Unabhängig von diesen EU-rechtlichen Erwägungen zwingt eine verfassungskonforme Auslegung der Bestimmungen des UStG zur Einbeziehung der Sondennahrung in den Bereich des ermäßigten Umsatzsteuersatzes (im Ergebnis ebenso Friedrich aaO). Nach Art 3 Abs 3 Satz 2 Grundgesetz (GG) darf niemand wegen seiner Behinderung benachteiligt werden. Durch diese Vorschrift werden zwar originäre subjektive Leistungsansprüche nicht begründet (Osterloh in Sachs, GG, Kommentar, 3. Auflage, Art 3 Rn 306). Art 3 Abs 3 Satz 2 GG konkretisiert aber ein spezielles Benachteiligungsverbot, wobei auch eine mittelbare Benachteiligung unzulässig ist (Bundesverfassungsgericht BVerfG 8.10.1997 1 BvR 9/97, BverfGE 96, 288, 312 f; Osterloh, aaO, Rn 311). Die Gruppe der behinderten Menschen, die auf Flüssignahrung angewiesen ist, würde im Verhältnis zu Gesunden in nicht zu rechtfertigender Weise benachteiligt, wenn Flüssignahrung (im Gegensatz zB zu Babynahrung) als "Getränk" im umsatzsteuerrechtlichen Sinne gewertet würde und deshalb der allgemeine Steuersatz zur Anwendung käme. Bei festen Nahrungsmitteln sind regelmäßig, wenn auch nicht völlig konsequent, nur Luxusgüter dem Regelsteuersatz unterworfen (vgl Friedrich aaO, 110). Eine ausreichende sachliche Rechtfertigung für die durch eine Einbeziehung der Sondennahrung in die "Getränke" iS des Kapitels 22 des Zolltarifs begründete Benachteilung behinderter Menschen, die Nahrung nicht oral, sondern nur in flüssiger Form als Sondennahrung aufnehmen können, im Verhältnis zu Gesunden ist nicht ersichtlich. Die Schlechterstellung wegen der Nichtanwendung des ermäßigten Umsatzsteuersatzes würde nicht ausnahmslos Krankenkassen treffen, da nicht jeder behinderte Mensch krankenversichert ist. Bei dieser Sachlage kommt aus verfassungsrechtlichen Gründen eine Besteuerung nach dem nicht ermäßigten Umsatzsteuersatz nicht in Betracht.

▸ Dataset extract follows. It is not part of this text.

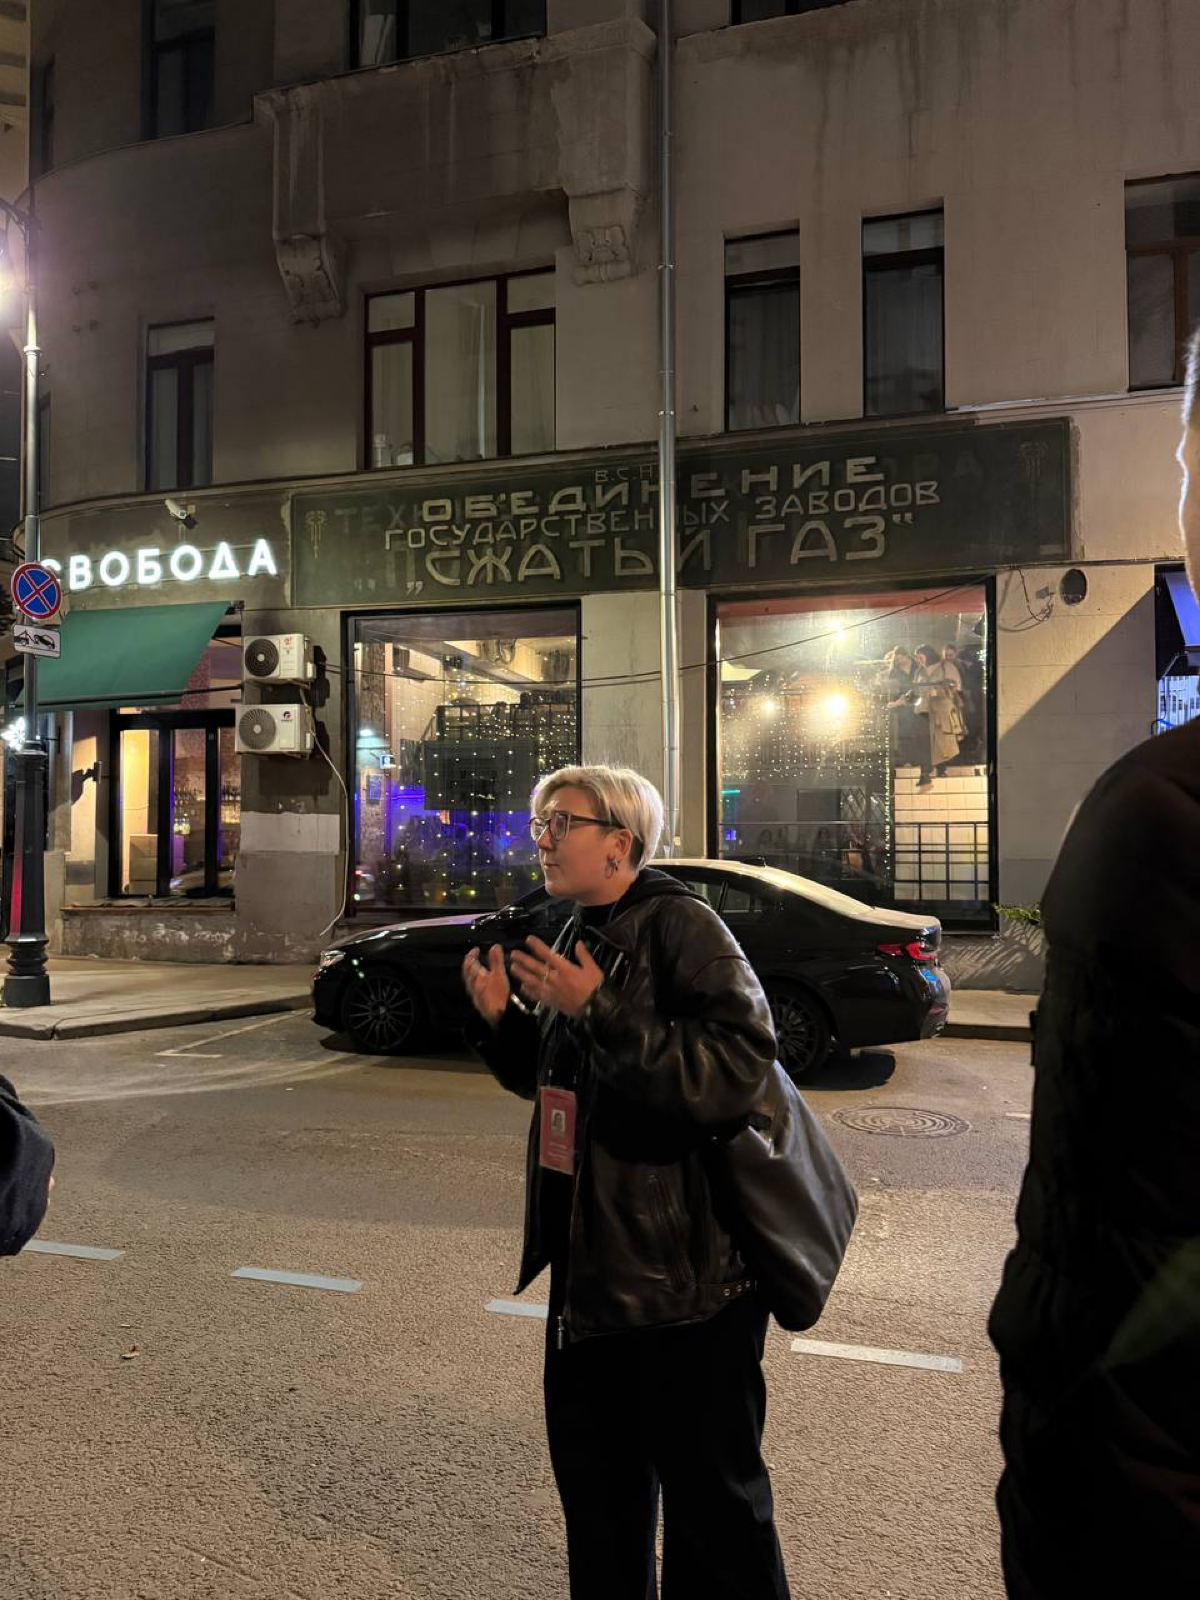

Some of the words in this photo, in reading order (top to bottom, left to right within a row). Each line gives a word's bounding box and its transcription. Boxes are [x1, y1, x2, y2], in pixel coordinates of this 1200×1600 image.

[384, 499, 731, 550] ГОСУДАРСТВЕНЫХ
[755, 480, 941, 520] ЗАВОДОВ
[40, 538, 278, 591] ВОБОДА

Einer Beiladung des Bundesministeriums der Finanzen zum vorliegenden Rechtsstreit ist nicht notwendig (§ 75 Abs 2 SGG).
Die Kostenentscheidung folgt aus § 197a SGG i.V.m. § 154 Abs 1 Verwaltungsgerichtsordnung (VwGO).
Die Revision wird wegen grundsätzlicher Bedeutung der Streitsache zugelassen (§ 160 Abs 2 Nr 1 SGG).